▶ **WHAT YOU WILL DO**
Please output the line containing "this 1080×1920 image." and all lines that follow it in the data below, exactly, with no pictures.

▶ **DATASET ENTRIES**
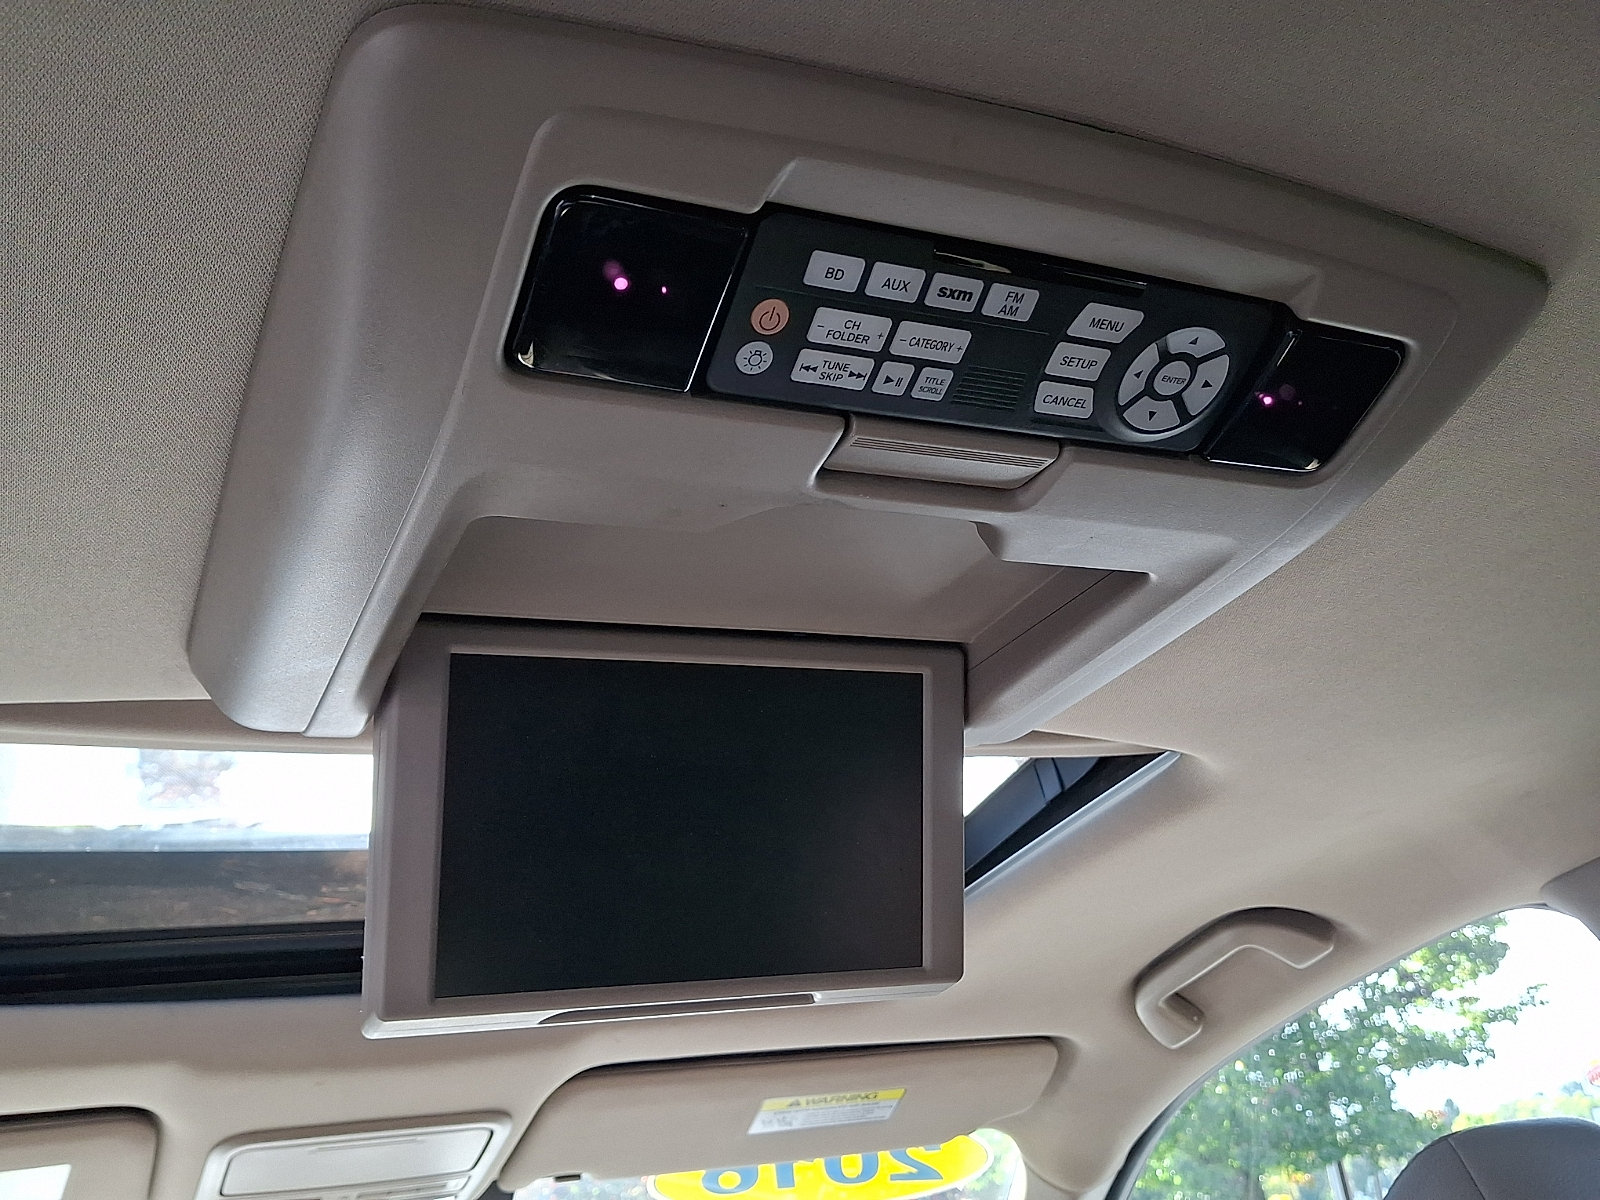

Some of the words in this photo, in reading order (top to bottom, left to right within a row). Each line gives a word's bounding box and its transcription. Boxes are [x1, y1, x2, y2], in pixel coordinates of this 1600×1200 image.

[825, 267, 845, 280] BD
[881, 277, 911, 292] AUX
[937, 287, 973, 301] sxm
[1005, 291, 1025, 304] FM
[998, 304, 1019, 317] AM
[844, 319, 861, 331] CH
[1089, 318, 1124, 332] MENU
[825, 330, 870, 344] FOLDER
[909, 336, 955, 352] CATEGORY
[822, 360, 851, 372] TUNE
[1060, 356, 1098, 371] SETUP
[818, 371, 843, 382] SKIP
[924, 376, 945, 386] TITLE
[1161, 375, 1187, 385] ENTER
[918, 385, 942, 395] SCROLL
[1042, 395, 1087, 409] CANCEL
[805, 1092, 878, 1106] WARNING
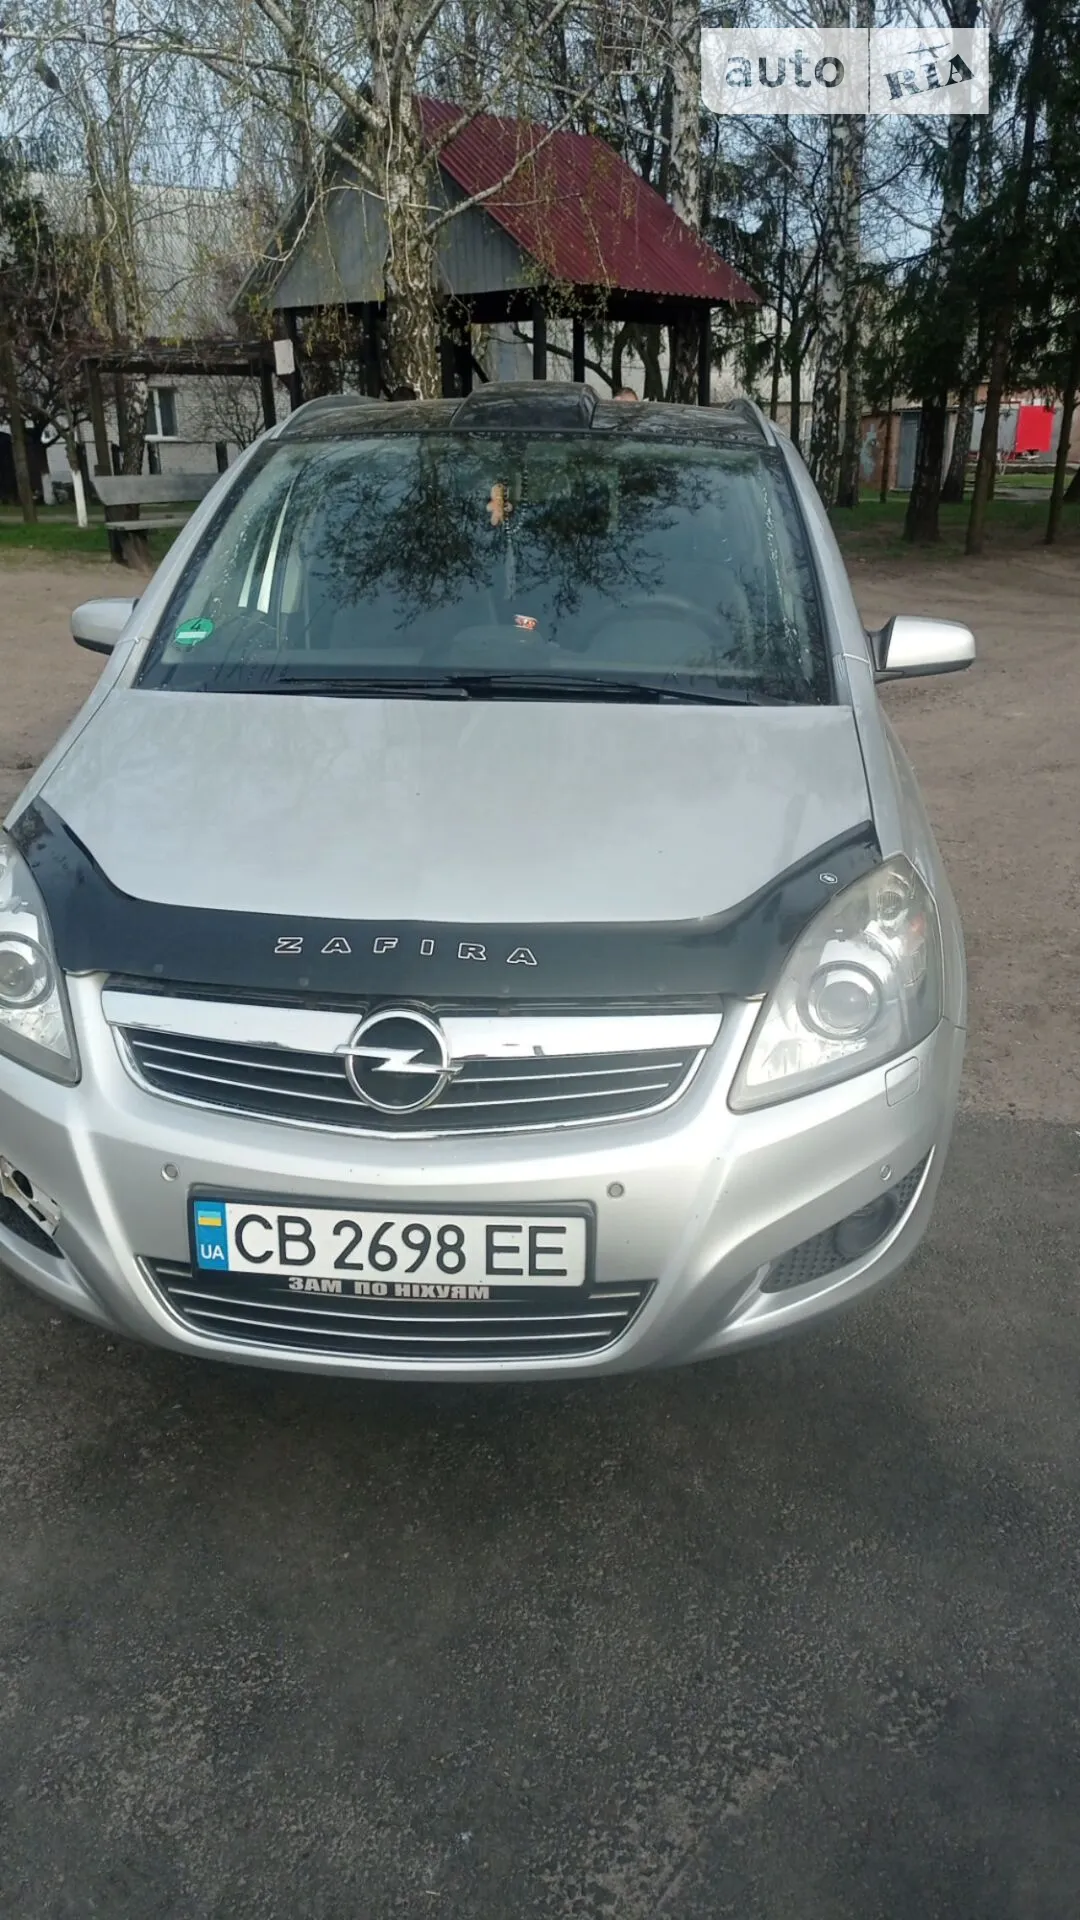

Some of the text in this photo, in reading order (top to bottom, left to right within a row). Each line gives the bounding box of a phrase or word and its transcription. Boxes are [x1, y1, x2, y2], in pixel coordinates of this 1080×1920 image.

[274, 936, 538, 966] ZAFIRA
[200, 1243, 225, 1260] UA
[234, 1213, 568, 1277] CB 2698 EE
[288, 1276, 490, 1300] ЗАМ ПО НІХУЯМ
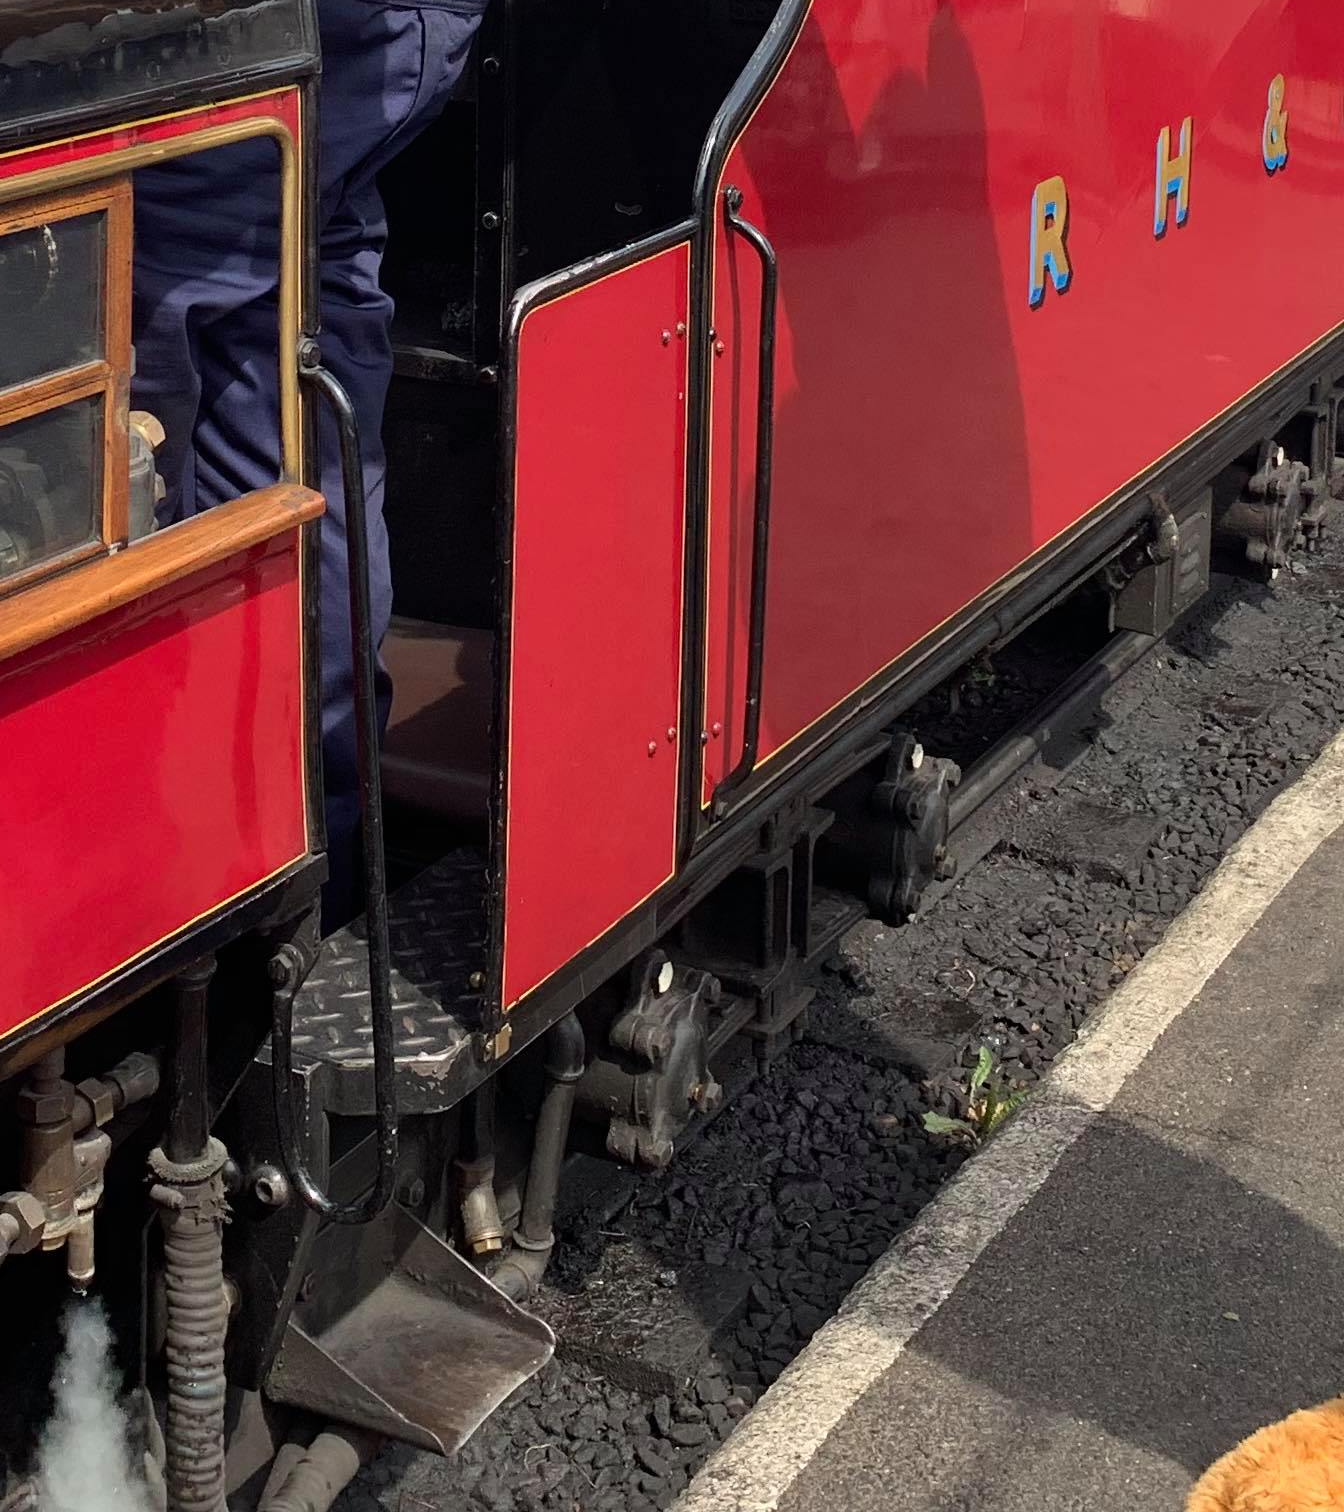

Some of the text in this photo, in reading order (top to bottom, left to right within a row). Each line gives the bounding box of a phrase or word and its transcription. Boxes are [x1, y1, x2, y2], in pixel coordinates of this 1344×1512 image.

[1028, 175, 1073, 312] R
[1153, 116, 1194, 241] H
[1262, 73, 1289, 176] &

▶ **EXPECTED OUTPUT**
Some of the text in this photo, in reading order (top to bottom, left to right within a row). Each line gives the bounding box of a phrase or word and its transcription. Boxes are [x1, y1, x2, y2], in pixel coordinates of this 1080×1920 image.

[274, 936, 538, 966] ZAFIRA
[200, 1243, 225, 1260] UA
[234, 1213, 568, 1277] CB 2698 EE
[288, 1276, 490, 1300] ЗАМ ПО НІХУЯМ

Some of the text in this photo, in reading order (top to bottom, left to right within a row). Each line gives the bounding box of a phrase or word and its transcription. Boxes are [x1, y1, x2, y2], in pixel coordinates of this 1344×1512 image.

[1028, 175, 1073, 312] R
[1153, 116, 1194, 241] H
[1262, 73, 1289, 176] &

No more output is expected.